Cette page a été validée par deux contributeurs.


PRÉFACE


DERRIÈRE UN GRILLAGE.


Voilà plus de six longs mois que le colonel Picquart est en prison. Il est en prison pour avoir refusé de s’associer à un crime ; il est en prison pour avoir crié l’innocence d’un homme, condamné au pire des supplices ; il est en prison pour avoir voulu cette chose, aujourd’hui proscrite de toute la vie : la justice. Quand, plus tard, les indifférents, les neutres, cet amas de larves humaines qu’on appelle les sages, se rendront compte de ce qu’ils ont laissé faire et laissé dire, peut-être seront-ils épouvantés !

Voilà plus de six longs mois que le colonel Picquart est en prison et les traîtres, eux, sont bien tranquilles. Ils vont et viennent librement, audacieusement. Sûrs de l’impunité, ils dictent des conditions à la justice et traitent, de pouvoir à pouvoir, avec la loi !… Ce n’est pas assez !… Par une étonnante perversion du sens patriotique, ils sont protégés, défendus, acclamés. Ils reçoivent l’accolade des princes. Des écrivains, des artistes, des philosophes, de hauts fonctionnaires, des bâtonniers fraternisent avec eux… Ce n’est pas tout !… Aux faussaires glorifiés on dresse des statues ; on leur souscrit des épées d’honneur, des rentes sur l’État, des remerciements nationaux… L’armée leur fait un triple rempart de ses fusils, de ses canons, de ses drapeaux. L’Église les exalte, et, en quelque sorte, les béatifie. Le faussaire est un saint, le traître un martyr. Le dolman de l’officier et la robe du moine, l’épée de l’un, la croix de l’autre, les couvrent pour imposer au monde le dogme nouveau de l’Immaculée Trahison d’Esterhazy. Et, de toutes parts, un cri se lève de la foule ignorante et trompée, ce cri de honte, dont la honte restera, à jamais, sur la face de la France :

— Vivent les faussaires et gloire aux traîtres !

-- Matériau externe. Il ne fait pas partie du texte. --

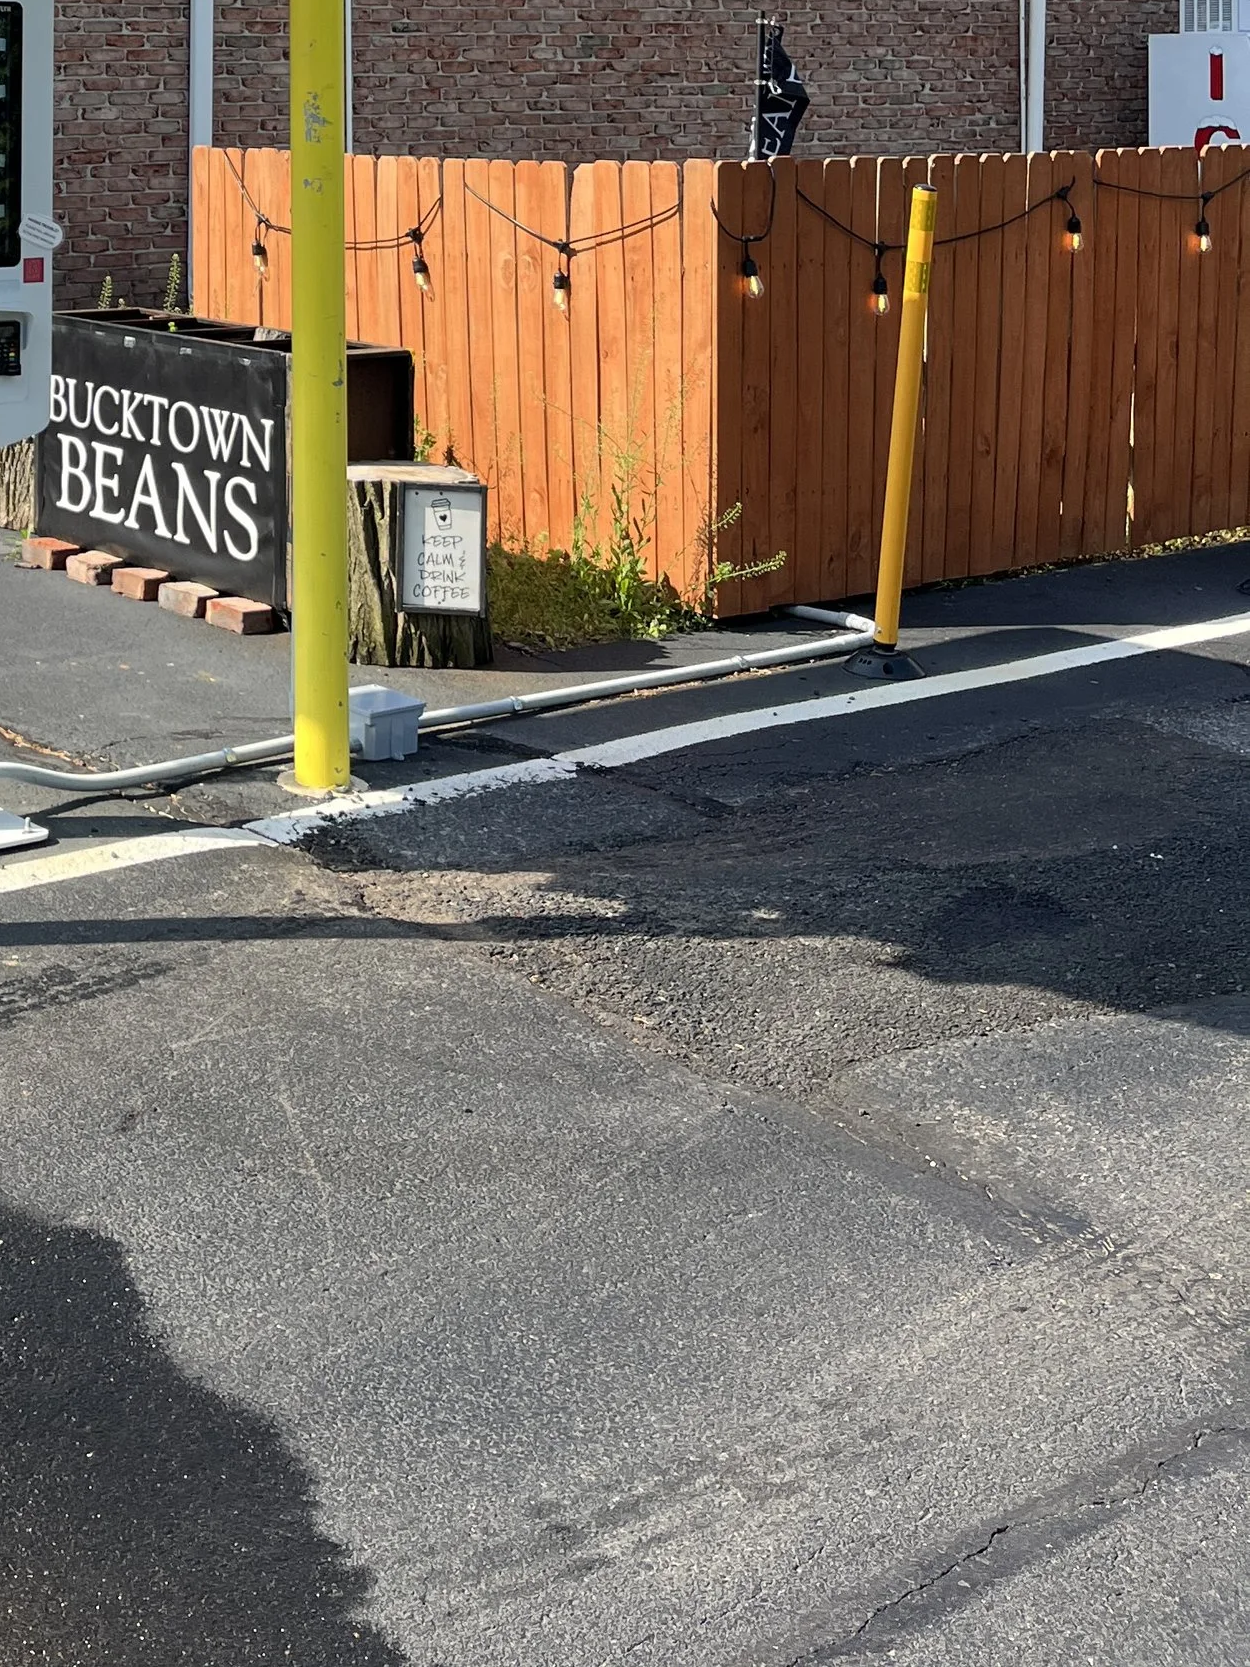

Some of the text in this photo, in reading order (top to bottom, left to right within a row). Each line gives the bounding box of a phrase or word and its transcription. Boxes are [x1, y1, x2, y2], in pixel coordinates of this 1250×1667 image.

[50, 374, 275, 472] BUCKTOWN
[55, 432, 259, 562] BEANS
[421, 534, 463, 550] KEEP
[417, 551, 455, 567] CALM
[418, 569, 467, 584] DRINK
[413, 583, 470, 600] COFFEE
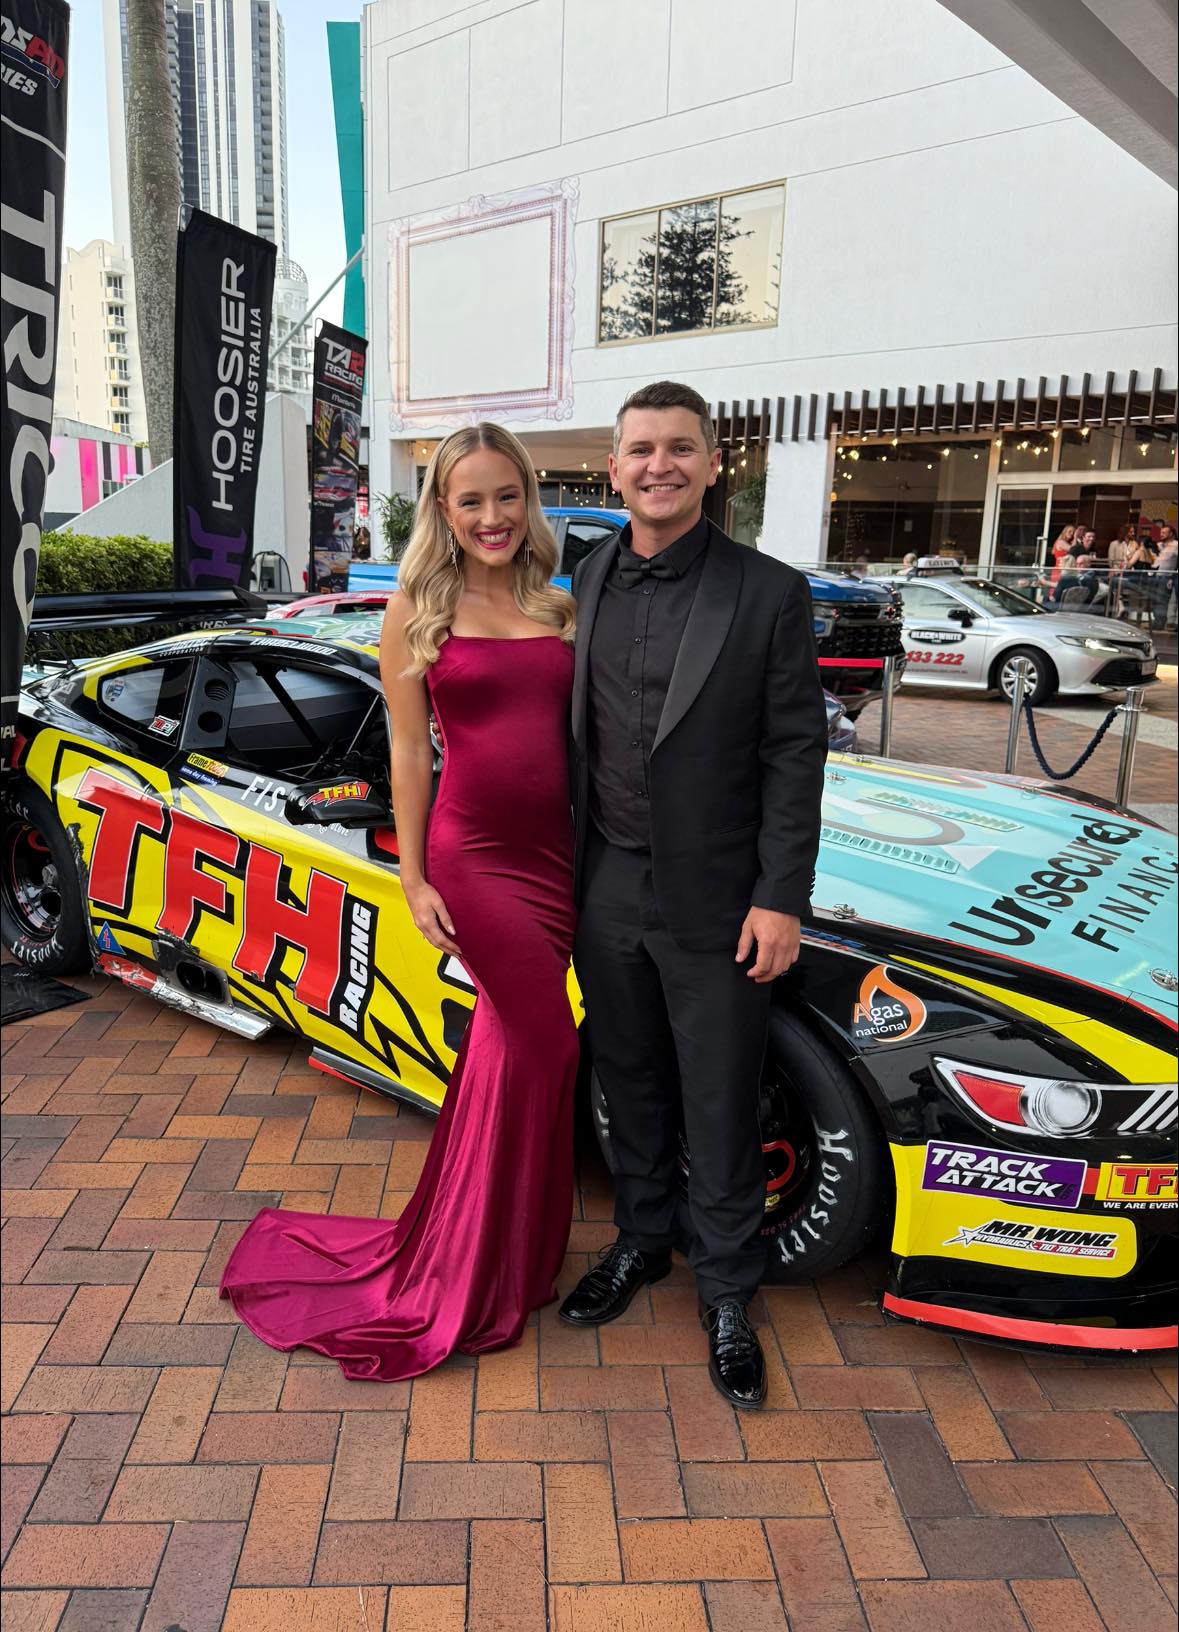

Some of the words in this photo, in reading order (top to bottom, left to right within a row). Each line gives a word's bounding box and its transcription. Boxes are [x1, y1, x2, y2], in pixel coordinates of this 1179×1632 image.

[245, 308, 261, 422] AUSTRALIA
[212, 257, 246, 512] HOOSIER
[240, 427, 256, 473] TIRE
[933, 652, 965, 666] 222
[75, 766, 349, 1016] TFH
[1071, 846, 1178, 953] FINANC
[339, 902, 372, 1032] RACING
[853, 1002, 905, 1026] Agas
[855, 1019, 908, 1038] national
[931, 1147, 1051, 1181] TRACK
[936, 1168, 1064, 1199] ATTACK
[1115, 1166, 1178, 1196] TF
[1103, 1201, 1121, 1209] WE
[1124, 1201, 1147, 1209] ARE
[974, 1234, 1028, 1249] HYDRAULICS
[1056, 1244, 1077, 1255] TRAY
[1077, 1246, 1111, 1258] SERVICE
[986, 1219, 1033, 1239] MR
[1032, 1225, 1117, 1248] WONG
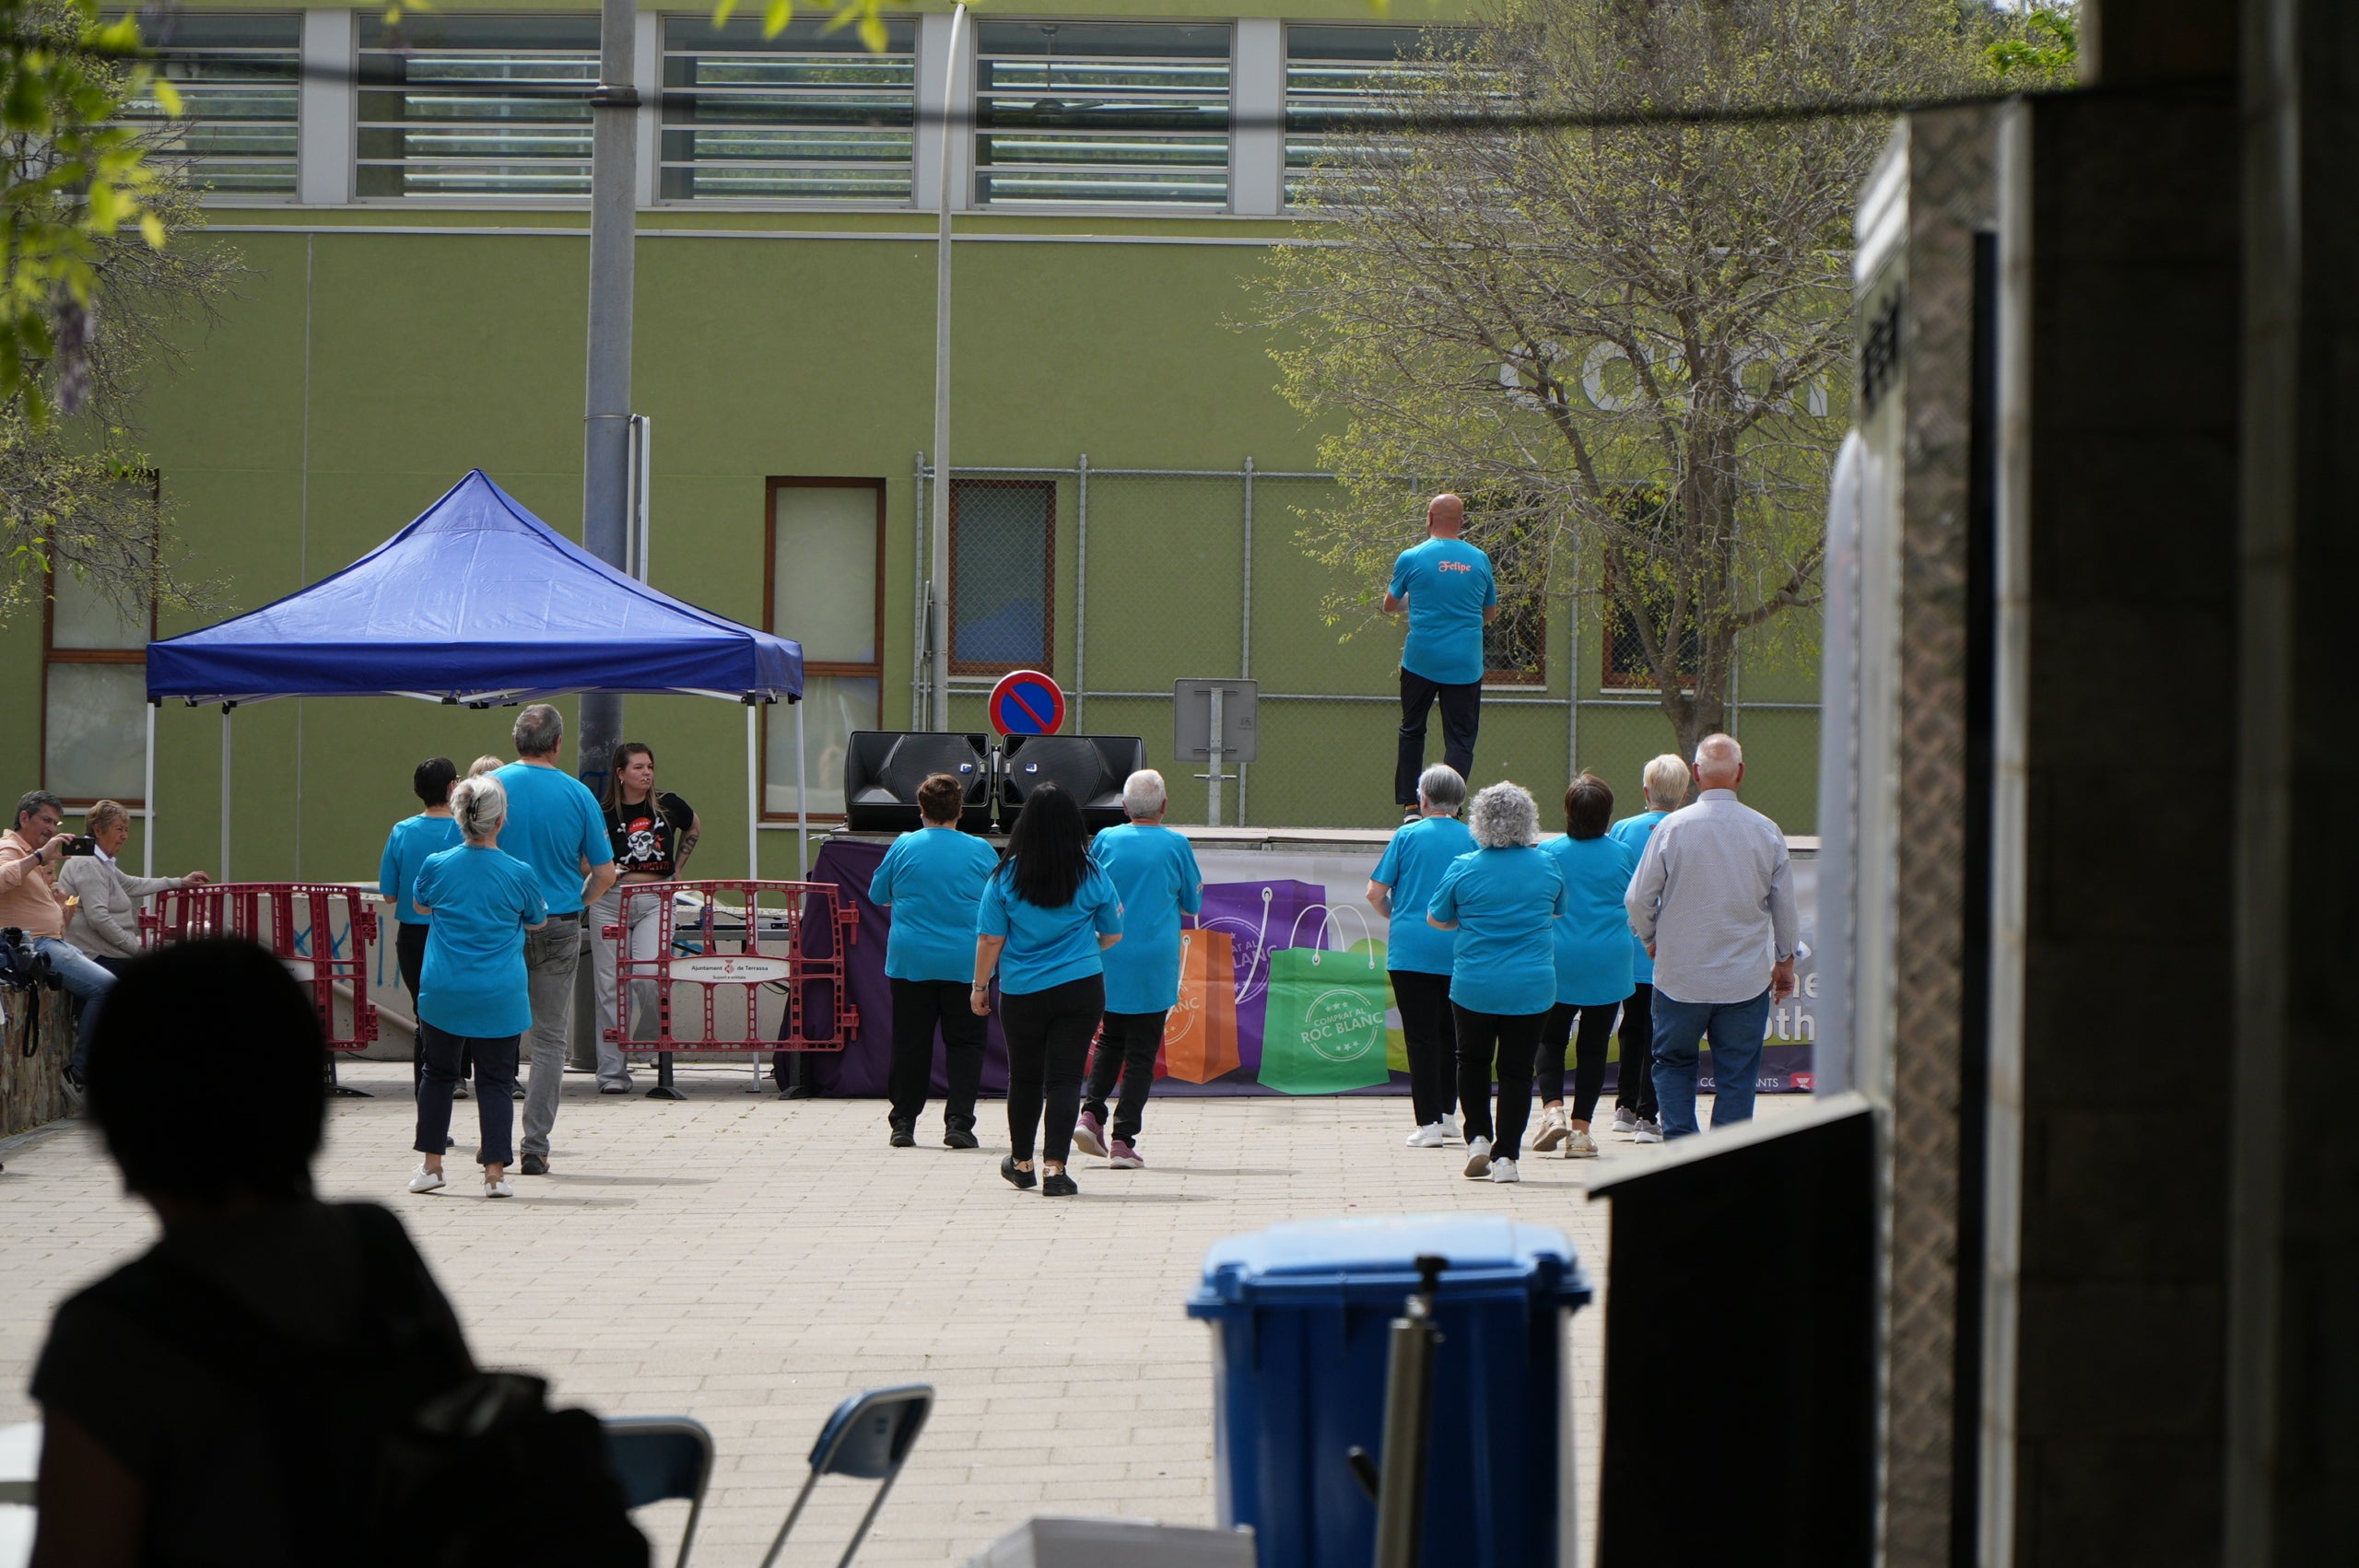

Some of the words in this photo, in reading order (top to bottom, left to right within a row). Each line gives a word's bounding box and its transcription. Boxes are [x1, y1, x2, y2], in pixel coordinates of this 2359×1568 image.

[1438, 560, 1472, 575] Felipe
[1313, 1010, 1354, 1027] COMPRAT
[1300, 1025, 1332, 1044] ROC
[1334, 1012, 1384, 1035] BLANC

Il suffit qu’un homme, aujourd’hui, montre de l’humanité, de la pitié, qu’il soit épris de justice, il suffit que, d’une façon ou d’une autre, il ait demandé la vérité dans l’affaire Dreyfus, pour qu’il soit disqualifié, couvert d’outrages, poursuivi par les huées, menacé de mort. Il suffit aussi qu’un homme crie, tout à coup, dans la foule : « Et moi aussi je suis un traître, moi aussi, j’ai vendu ma patrie ! » pour qu’aussitôt il soit entouré de vivats frénétiques et porté en triomphe par les patriotes :

— Vivent les faussaires et gloire aux traîtres !

N’est-ce pas une chose qui terrifie ? Le pays qui tolère de telles aberrations, n’est-il pas un pays à jamais perdu, pourri, mort ?

Et voilà plus de six mois que, de par l’effet infâme de ce cri, le colonel Picquart est en prison.

Le colonel Picquart avait le choix, entre la plus belle carrière qui se fût jamais ouverte devant un officier, et le cachot. On ne lui demandait que de se taire. Il a préféré parler et, de ce fait, il a choisi le cachot. Ce qui l’attendait, outrages mortels, calomnies effroyables, complots sinistres contre son honneur et contre sa vie, il le savait, car il sait ce que l’âme militaire contient de haine féroce, de vengeance lâche, d’audace dans le crime… Entre lui et l’armée, il savait que c’était un duel à mort, un duel où, pour se défendre et combattre, il n’avait qu’une arme : sa conscience. Comme on avait condamné Dreyfus, coupable d’être innocent, il savait qu’on condamnerait Picquart, doublement coupable d’une double innocence : celle de Dreyfus et la sienne.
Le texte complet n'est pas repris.